With pictures left out, set down every record word for word.

────────────────────

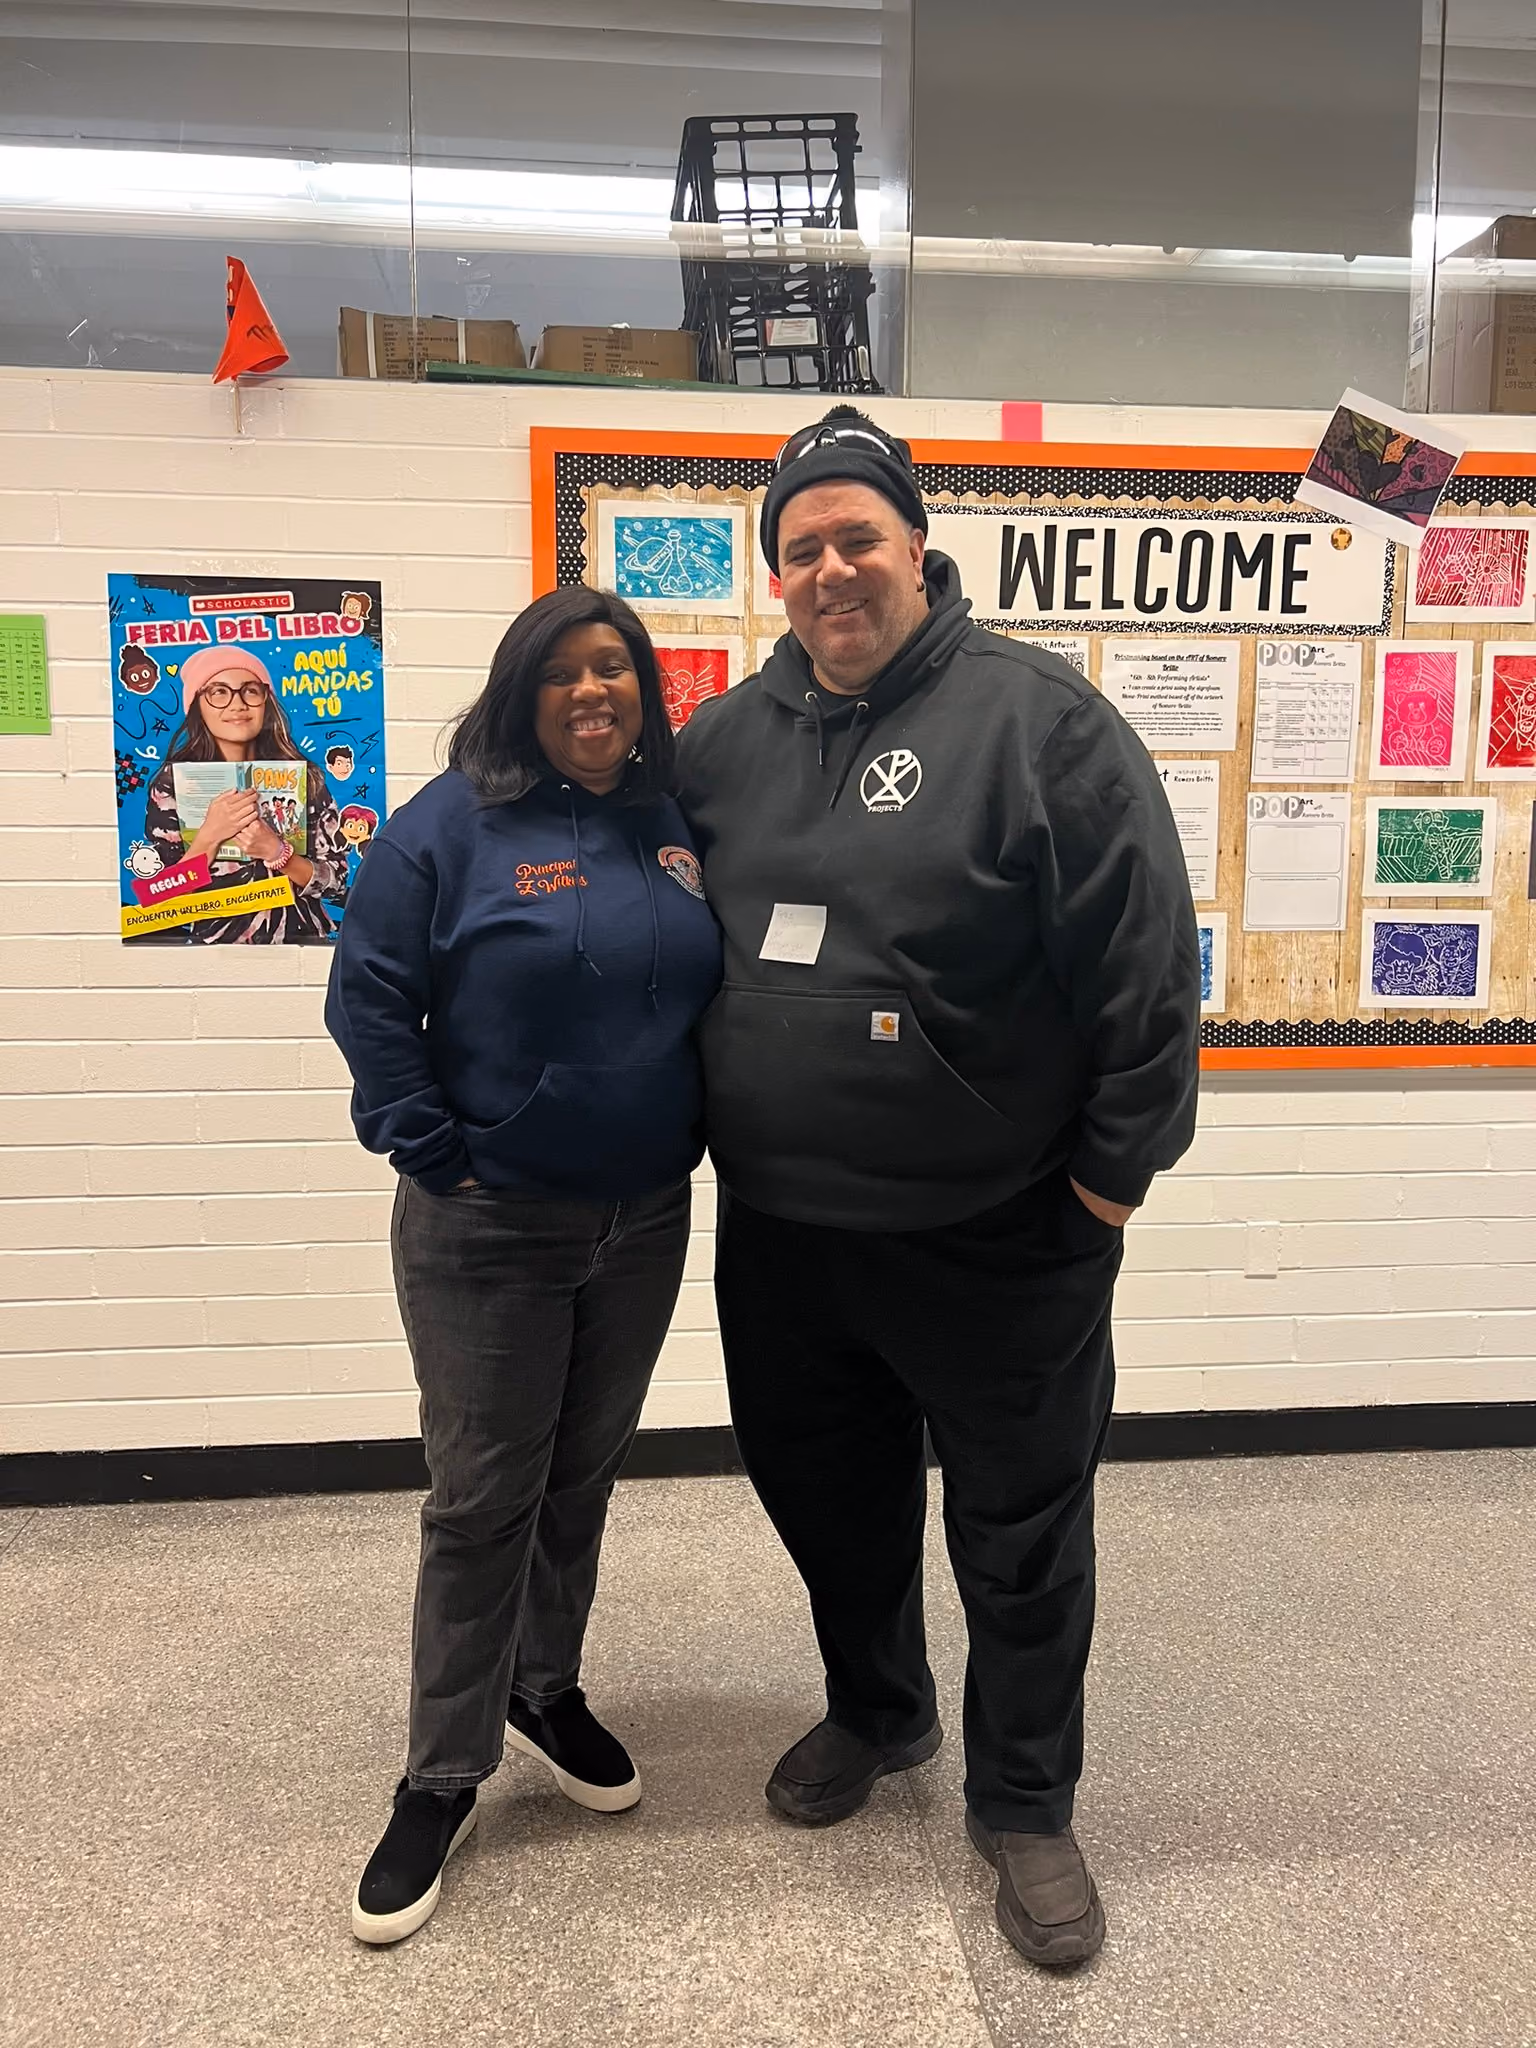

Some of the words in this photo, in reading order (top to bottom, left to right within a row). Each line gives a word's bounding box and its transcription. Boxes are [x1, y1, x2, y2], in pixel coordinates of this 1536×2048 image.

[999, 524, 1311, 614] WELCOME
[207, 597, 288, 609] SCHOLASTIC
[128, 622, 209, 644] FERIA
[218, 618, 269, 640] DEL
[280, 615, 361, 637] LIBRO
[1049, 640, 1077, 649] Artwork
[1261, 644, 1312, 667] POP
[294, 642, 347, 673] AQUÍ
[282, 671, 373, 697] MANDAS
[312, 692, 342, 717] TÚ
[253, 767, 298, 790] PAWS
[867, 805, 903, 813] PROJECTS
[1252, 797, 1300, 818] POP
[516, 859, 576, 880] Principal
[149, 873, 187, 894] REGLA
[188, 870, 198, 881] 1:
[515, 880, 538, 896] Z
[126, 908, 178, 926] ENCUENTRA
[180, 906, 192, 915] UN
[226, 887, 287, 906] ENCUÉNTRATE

────────────────────

_Output of the task_.
Some of the words in this photo, in reading order (top to bottom, left to right within a row). Each line gives a word's bounding box and its transcription. Boxes are [x1, y1, x2, y2], in pixel coordinates of this 1536×2048 image.

[999, 524, 1311, 614] WELCOME
[207, 597, 288, 609] SCHOLASTIC
[128, 622, 209, 644] FERIA
[218, 618, 269, 640] DEL
[280, 615, 361, 637] LIBRO
[1049, 640, 1077, 649] Artwork
[1261, 644, 1312, 667] POP
[294, 642, 347, 673] AQUÍ
[282, 671, 373, 697] MANDAS
[312, 692, 342, 717] TÚ
[253, 767, 298, 790] PAWS
[867, 805, 903, 813] PROJECTS
[1252, 797, 1300, 818] POP
[516, 859, 576, 880] Principal
[149, 873, 187, 894] REGLA
[188, 870, 198, 881] 1:
[515, 880, 538, 896] Z
[126, 908, 178, 926] ENCUENTRA
[180, 906, 192, 915] UN
[226, 887, 287, 906] ENCUÉNTRATE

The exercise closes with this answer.